表1 引物信息Tab.1 Primer information

3 结果

3.1一枝蒿提取物对GERD大鼠肺顺应性减少百分比的影响 见表2。由表2可知，各组随着Mch浓度的增加，肺顺应性减少百分比逐渐增加。与假手术组比较，当Mch浓度为0.5 mmol·L-1时，各组顺应性减少百分比差异无统计学意义(P>0.05)；当Mch浓度为1、2、4、8 mmol·L-1时，模型组肺顺应性减少百分比明显升高(P<0.05)。与模型组比较，一枝蒿提取物高、中、低剂量组以及阳性对照组肺顺应性减少百分比均显著降低(P<0.05或P<0.01)。

表2 一枝蒿对GERD大鼠肺顺应性减少百分比的影响Tab.2 Effect of Artemisia rupestris extract on the percentage of lung compliance reduction in GERD rats

3.2一枝蒿提取物对大鼠食管组织中各基因mRNA表达的影响 见图1和表3。由图1可知，PCR产物大小符合检测基因的片段长度，产物条带单一。由表3可知，与假手术组相比，模型组大鼠食管组织中TNF-α、IL-1β、IL-6和LPCAT2表达均显著升高；与模型组相比，阳性对照组TNF-α表达显著降低(P<0.05)，一枝蒿提取物高剂量组TNF-α、IL-6和LPCAT2表达均显著降低(P<0.05)。

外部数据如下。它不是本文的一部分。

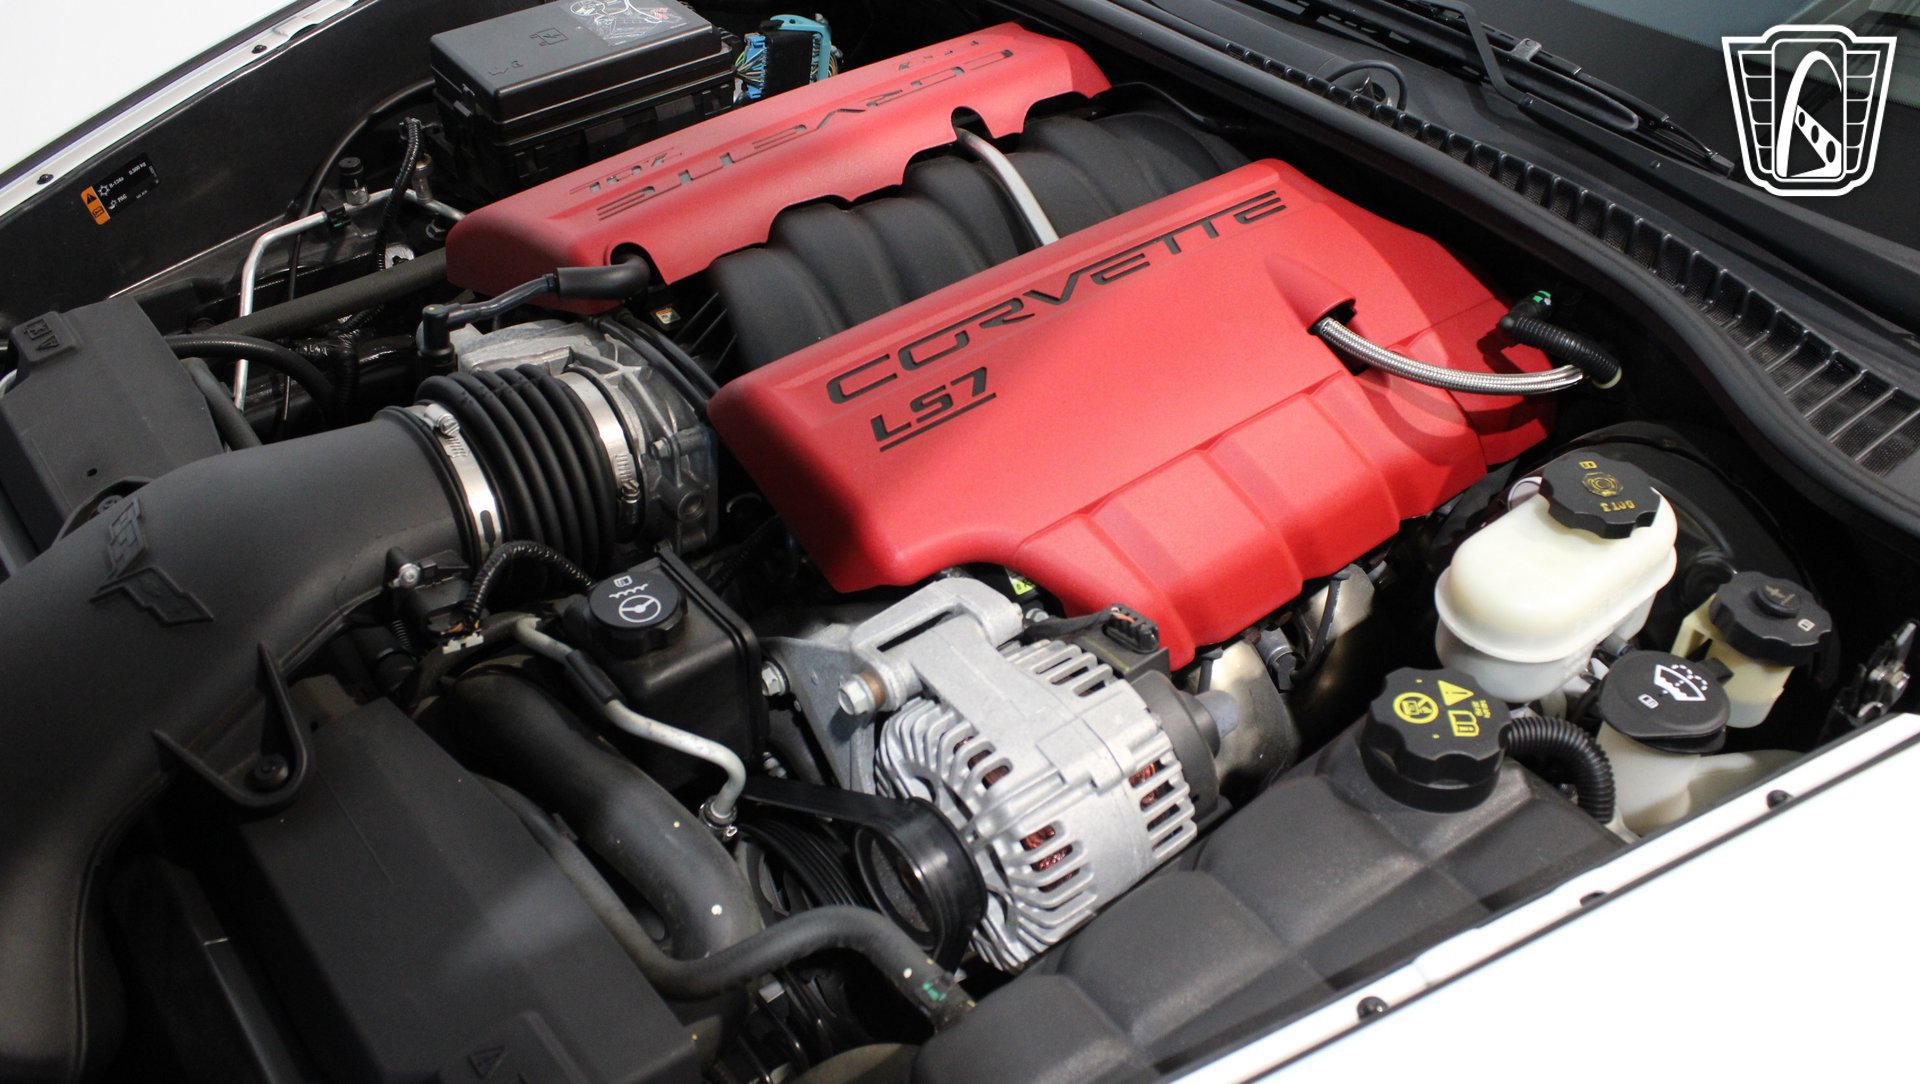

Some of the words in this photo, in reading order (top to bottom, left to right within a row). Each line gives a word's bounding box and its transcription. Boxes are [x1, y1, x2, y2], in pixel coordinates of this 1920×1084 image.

[596, 49, 1014, 221] CORVETTE
[825, 189, 1287, 405] CORVETTE
[869, 366, 988, 443] LS7

表3 一枝蒿提取物对GERD大鼠食管组织中TNF-α、IL-1β、IL-6和LPCAT2 mRNA表达的影响Tab.3 Effect of Artemisia rupestris extract on expression of TNF-α，IL-1β，IL-6 and LPCAT2 mRNA in esophageal tissue of GERD rats

图1 PCR产物鉴定电泳图Fig.1 Electrophoresis of PCR product identification

4 讨论

神经生理学研究表明，绝大多数食管内的迷走神经感受器激活后可诱发C纤维动作电位[15]。TRPV1在迷走神经C纤维上表达，对辣椒素、酸、温度或炎症介质非常敏感，也称辣椒素敏感受体。TRPV1激活后，可开放离子通道，C纤维兴奋后末梢释放神经肽，可直接刺激咳嗽感受器引发呼吸道症状，或通过介导NK1受体表达促使神经生长因子(NGF)、TNF-α等炎症介质生成增多引起炎症，从而影响气道敏感性，间接引发呼吸道症状，造成肺顺应性降低。对GERC患者进行食管内酸灌注或辣椒素刺激，气道对刺激的敏感性明显增高[16-17]。一枝蒿提取物可明显改善GERD大鼠肺顺应性降低的症状与改善搭配，缓解气道敏感性引发呼吸道症状。另外，GERD患者体内相关炎症介质发生变化，特别是促炎因子，现已证明其与GERD的发生、发展密切相关。GERD食管黏膜中 IL-1β、IL-6、白细胞介素-8(IL-8)、血小板活化因子(PAF)和活性氧自由基(ROS)等促炎细胞因子表达水平增加。胃十二指肠内容物包括酸、胆盐、胰蛋白酶等侵蚀食管和气管上皮，促炎介质持续高表达便可引起食道、气管病变，出现GERD相关症状及并发症。白细胞介素-1(IL-1)为促炎细胞因子，构成免疫系统重要组成部分，存在白细胞介素-1α(IL-1α)和白细胞介素-1β(IL-1β)2个亚型，IL-1是多种细胞激活剂，其表达水平的升高可增加肠道、皮肤和其他器官炎性疾病[18]。动物模型和临床试验中，回流引起的食管黏膜炎症中IL-1β有所增加。IL-6是来源于单核巨噬细胞及淋巴细胞发挥多种生物效应的细胞因子，它与炎症反应的发生密切相关，组织损伤或感染可引起IL-6的释放，后者诱导急性炎症的蛋白质合成。TNF-α可刺激并诱导中性粒细胞产生ROS，与酸反流时食道黏膜发生过氧化反应相关。研究显示，在反流性食管炎演化为Barret′s食管过程中，TNF-α可能起到了一定作用[19]。TNF-α可激活核因子κB (NF-κB)，后者是炎症和癌症发生过程中关键的调节信号分子。GERD患者的TNF-α表达和NF-κB显著增加[20]。LPCAT2是一种有效的磷脂类促炎介质和趋化因子，特别是对嗜酸性粒细胞有明显的趋化作用，能增强嗜酸性粒细胞黏附于血管内皮细胞，可激活多种免疫细胞，促使自身分泌及其他炎症介质的释放，包括ROS。在GERD发病机制的研究中，ROS发挥关键作用，研究认为GERD是由于胃内容物反流使黏膜上皮细胞出现ROS并发生氧化应激，导致黏膜损害[21]。在食管炎模型和慢性食管炎患者中，酸接触后的食管黏膜产生并释放的LPCAT2增加。前期研究表明，一枝蒿提取物具有改善胃肠动力、调节胃酸分泌、促进胃动力的作用[10]。另外，一枝蒿具有明显的抗炎、抗变态反应作用，对急、慢性炎症及炎性渗出均有明显的抑制作用，这与GERD“病在脾胃，胃失和降”引起的胃酸过多、消化不良，以及“浊气上逆，痰浊”引起的气道高反应和呼吸系统并发症表现的炎症、变态反应症状相适应[10]。综上所述，一枝蒿提取物可改善大鼠GERD所致的气道高反应，降低GERD大鼠的炎症因子表达，起到治疗GERD的作用。